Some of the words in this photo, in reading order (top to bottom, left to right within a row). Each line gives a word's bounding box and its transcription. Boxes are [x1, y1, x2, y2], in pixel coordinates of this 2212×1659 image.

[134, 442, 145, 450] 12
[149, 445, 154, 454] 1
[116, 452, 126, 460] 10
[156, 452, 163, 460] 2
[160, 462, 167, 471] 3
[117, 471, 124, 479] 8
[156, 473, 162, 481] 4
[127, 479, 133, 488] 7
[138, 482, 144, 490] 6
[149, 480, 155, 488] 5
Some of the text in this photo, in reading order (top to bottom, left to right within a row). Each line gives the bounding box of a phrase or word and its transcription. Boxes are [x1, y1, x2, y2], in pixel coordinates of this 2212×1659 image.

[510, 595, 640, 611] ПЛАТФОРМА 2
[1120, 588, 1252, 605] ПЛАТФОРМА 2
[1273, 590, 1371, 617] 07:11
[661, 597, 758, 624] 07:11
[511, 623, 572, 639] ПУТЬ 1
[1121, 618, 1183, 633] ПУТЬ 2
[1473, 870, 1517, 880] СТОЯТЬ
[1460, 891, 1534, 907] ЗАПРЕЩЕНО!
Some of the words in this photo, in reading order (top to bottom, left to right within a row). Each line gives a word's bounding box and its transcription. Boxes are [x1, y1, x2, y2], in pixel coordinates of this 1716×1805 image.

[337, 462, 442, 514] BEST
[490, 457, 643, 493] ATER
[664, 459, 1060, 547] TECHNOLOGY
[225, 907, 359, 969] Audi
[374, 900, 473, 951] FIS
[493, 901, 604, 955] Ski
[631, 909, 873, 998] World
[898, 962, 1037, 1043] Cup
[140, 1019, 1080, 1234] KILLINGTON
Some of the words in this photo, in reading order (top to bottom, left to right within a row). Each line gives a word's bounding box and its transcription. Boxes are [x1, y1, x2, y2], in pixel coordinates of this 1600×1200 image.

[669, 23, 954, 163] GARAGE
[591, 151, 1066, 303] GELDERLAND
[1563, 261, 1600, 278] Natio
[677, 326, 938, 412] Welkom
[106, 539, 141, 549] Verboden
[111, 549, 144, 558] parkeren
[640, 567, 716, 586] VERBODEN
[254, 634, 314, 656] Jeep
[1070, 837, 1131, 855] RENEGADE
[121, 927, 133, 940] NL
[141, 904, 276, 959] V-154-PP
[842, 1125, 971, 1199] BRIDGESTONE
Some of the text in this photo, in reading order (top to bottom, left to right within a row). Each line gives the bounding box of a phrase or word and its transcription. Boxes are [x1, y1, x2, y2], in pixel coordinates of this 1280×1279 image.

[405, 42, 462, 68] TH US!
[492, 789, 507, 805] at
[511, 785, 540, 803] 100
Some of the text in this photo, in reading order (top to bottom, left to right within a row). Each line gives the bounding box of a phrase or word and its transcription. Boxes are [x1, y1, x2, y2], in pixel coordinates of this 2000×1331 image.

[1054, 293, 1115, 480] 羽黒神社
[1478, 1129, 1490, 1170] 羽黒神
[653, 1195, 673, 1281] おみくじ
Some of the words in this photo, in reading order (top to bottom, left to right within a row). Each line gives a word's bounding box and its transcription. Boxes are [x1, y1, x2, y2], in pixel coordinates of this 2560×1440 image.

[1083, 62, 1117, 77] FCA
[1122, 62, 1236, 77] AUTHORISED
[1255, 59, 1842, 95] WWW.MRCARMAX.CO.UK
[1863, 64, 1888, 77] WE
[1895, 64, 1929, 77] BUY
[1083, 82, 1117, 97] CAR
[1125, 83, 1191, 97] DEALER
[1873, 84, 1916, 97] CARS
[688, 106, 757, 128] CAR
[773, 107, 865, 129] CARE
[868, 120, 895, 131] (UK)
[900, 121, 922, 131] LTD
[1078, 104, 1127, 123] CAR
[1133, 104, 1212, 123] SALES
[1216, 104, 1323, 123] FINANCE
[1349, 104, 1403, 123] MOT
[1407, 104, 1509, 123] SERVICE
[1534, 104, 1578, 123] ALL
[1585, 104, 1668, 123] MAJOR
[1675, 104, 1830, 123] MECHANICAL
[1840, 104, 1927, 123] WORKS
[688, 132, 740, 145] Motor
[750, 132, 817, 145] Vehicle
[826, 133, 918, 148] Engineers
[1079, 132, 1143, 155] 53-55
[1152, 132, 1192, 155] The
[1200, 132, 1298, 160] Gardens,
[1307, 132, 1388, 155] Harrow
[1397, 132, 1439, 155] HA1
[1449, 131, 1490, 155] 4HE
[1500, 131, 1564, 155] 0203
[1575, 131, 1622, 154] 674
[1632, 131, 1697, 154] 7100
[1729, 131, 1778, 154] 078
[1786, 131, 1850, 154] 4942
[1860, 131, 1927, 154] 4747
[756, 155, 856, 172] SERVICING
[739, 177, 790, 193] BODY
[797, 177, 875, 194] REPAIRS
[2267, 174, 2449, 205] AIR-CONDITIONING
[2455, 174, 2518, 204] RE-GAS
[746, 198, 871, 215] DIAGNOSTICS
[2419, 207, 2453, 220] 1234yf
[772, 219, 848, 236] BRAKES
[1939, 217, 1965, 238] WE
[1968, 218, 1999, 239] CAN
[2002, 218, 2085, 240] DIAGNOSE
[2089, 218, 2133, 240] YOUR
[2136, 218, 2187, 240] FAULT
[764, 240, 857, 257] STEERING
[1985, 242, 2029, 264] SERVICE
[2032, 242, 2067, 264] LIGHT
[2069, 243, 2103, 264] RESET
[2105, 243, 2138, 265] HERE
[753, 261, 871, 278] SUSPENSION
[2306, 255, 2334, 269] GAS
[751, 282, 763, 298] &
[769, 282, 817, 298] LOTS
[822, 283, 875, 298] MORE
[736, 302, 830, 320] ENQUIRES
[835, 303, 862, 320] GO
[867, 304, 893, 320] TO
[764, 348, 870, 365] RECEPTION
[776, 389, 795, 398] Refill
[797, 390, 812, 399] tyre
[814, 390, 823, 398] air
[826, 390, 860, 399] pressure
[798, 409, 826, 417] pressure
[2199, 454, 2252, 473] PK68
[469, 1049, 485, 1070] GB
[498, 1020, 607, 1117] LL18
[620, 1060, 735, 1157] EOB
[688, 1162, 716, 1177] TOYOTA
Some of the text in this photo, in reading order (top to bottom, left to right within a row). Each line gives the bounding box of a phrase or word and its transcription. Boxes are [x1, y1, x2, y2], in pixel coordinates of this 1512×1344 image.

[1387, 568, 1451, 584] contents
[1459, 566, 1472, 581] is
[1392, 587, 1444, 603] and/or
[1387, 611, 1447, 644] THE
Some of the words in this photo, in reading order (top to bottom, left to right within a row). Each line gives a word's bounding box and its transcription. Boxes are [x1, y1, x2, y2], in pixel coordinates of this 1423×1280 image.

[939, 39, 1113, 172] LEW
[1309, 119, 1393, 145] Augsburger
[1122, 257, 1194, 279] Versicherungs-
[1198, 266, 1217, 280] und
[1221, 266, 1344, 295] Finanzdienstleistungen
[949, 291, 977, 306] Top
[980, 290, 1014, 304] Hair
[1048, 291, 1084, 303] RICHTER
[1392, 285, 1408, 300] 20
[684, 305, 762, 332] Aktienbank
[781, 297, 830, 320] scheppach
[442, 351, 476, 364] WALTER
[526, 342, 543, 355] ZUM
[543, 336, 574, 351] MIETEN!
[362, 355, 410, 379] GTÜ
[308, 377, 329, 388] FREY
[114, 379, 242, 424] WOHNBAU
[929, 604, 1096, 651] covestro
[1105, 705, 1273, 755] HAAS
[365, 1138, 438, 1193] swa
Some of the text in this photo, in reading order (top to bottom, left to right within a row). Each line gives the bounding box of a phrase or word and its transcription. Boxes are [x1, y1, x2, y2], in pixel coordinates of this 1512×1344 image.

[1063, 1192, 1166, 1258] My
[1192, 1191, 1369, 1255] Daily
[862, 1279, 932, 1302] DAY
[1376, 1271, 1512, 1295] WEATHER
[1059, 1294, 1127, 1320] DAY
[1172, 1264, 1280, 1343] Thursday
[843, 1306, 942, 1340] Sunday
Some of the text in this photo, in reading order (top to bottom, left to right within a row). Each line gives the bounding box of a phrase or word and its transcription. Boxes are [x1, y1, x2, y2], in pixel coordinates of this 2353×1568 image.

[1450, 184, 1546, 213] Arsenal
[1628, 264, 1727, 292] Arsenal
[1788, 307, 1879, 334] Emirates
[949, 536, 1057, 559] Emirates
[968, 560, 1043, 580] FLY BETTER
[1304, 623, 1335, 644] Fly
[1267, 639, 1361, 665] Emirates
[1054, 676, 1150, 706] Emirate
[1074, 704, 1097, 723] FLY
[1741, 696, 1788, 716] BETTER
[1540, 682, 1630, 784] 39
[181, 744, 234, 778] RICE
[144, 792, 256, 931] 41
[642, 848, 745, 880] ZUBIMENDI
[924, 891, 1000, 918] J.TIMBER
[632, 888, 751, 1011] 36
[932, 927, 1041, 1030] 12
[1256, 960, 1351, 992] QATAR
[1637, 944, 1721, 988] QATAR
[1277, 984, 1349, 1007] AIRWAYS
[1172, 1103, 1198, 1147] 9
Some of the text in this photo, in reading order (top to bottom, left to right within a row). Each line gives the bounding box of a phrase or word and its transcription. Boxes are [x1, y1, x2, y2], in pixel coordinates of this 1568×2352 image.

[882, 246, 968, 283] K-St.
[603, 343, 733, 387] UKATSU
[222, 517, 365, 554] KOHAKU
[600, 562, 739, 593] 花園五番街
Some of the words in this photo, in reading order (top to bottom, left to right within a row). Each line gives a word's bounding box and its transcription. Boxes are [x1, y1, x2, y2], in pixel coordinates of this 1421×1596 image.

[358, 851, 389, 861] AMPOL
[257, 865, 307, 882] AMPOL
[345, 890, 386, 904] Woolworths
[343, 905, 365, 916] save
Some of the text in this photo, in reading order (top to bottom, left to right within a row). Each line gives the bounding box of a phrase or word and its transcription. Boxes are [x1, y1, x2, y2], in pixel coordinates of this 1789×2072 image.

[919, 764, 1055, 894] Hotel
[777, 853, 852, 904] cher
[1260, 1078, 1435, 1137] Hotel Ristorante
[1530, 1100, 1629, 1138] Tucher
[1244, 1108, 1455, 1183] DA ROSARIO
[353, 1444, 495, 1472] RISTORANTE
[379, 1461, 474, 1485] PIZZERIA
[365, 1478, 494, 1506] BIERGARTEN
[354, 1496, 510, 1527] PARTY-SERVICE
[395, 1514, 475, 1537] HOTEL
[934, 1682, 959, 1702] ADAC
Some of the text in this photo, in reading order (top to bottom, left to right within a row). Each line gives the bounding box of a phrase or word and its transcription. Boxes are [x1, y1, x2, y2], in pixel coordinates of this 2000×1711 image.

........

- Problem statement:
Beginning with the line that has "this 1421×1596 image.", set down every line of the entries above through the final one, unchanged.

- Task response:
Some of the words in this photo, in reading order (top to bottom, left to right within a row). Each line gives a word's bounding box and its transcription. Boxes are [x1, y1, x2, y2], in pixel coordinates of this 1421×1596 image.

[358, 851, 389, 861] AMPOL
[257, 865, 307, 882] AMPOL
[345, 890, 386, 904] Woolworths
[343, 905, 365, 916] save
Some of the text in this photo, in reading order (top to bottom, left to right within a row). Each line gives the bounding box of a phrase or word and its transcription. Boxes are [x1, y1, x2, y2], in pixel coordinates of this 1789×2072 image.

[919, 764, 1055, 894] Hotel
[777, 853, 852, 904] cher
[1260, 1078, 1435, 1137] Hotel Ristorante
[1530, 1100, 1629, 1138] Tucher
[1244, 1108, 1455, 1183] DA ROSARIO
[353, 1444, 495, 1472] RISTORANTE
[379, 1461, 474, 1485] PIZZERIA
[365, 1478, 494, 1506] BIERGARTEN
[354, 1496, 510, 1527] PARTY-SERVICE
[395, 1514, 475, 1537] HOTEL
[934, 1682, 959, 1702] ADAC
Some of the text in this photo, in reading order (top to bottom, left to right within a row). Each line gives the bounding box of a phrase or word and its transcription. Boxes are [x1, y1, x2, y2], in pixel coordinates of this 2000×1711 image.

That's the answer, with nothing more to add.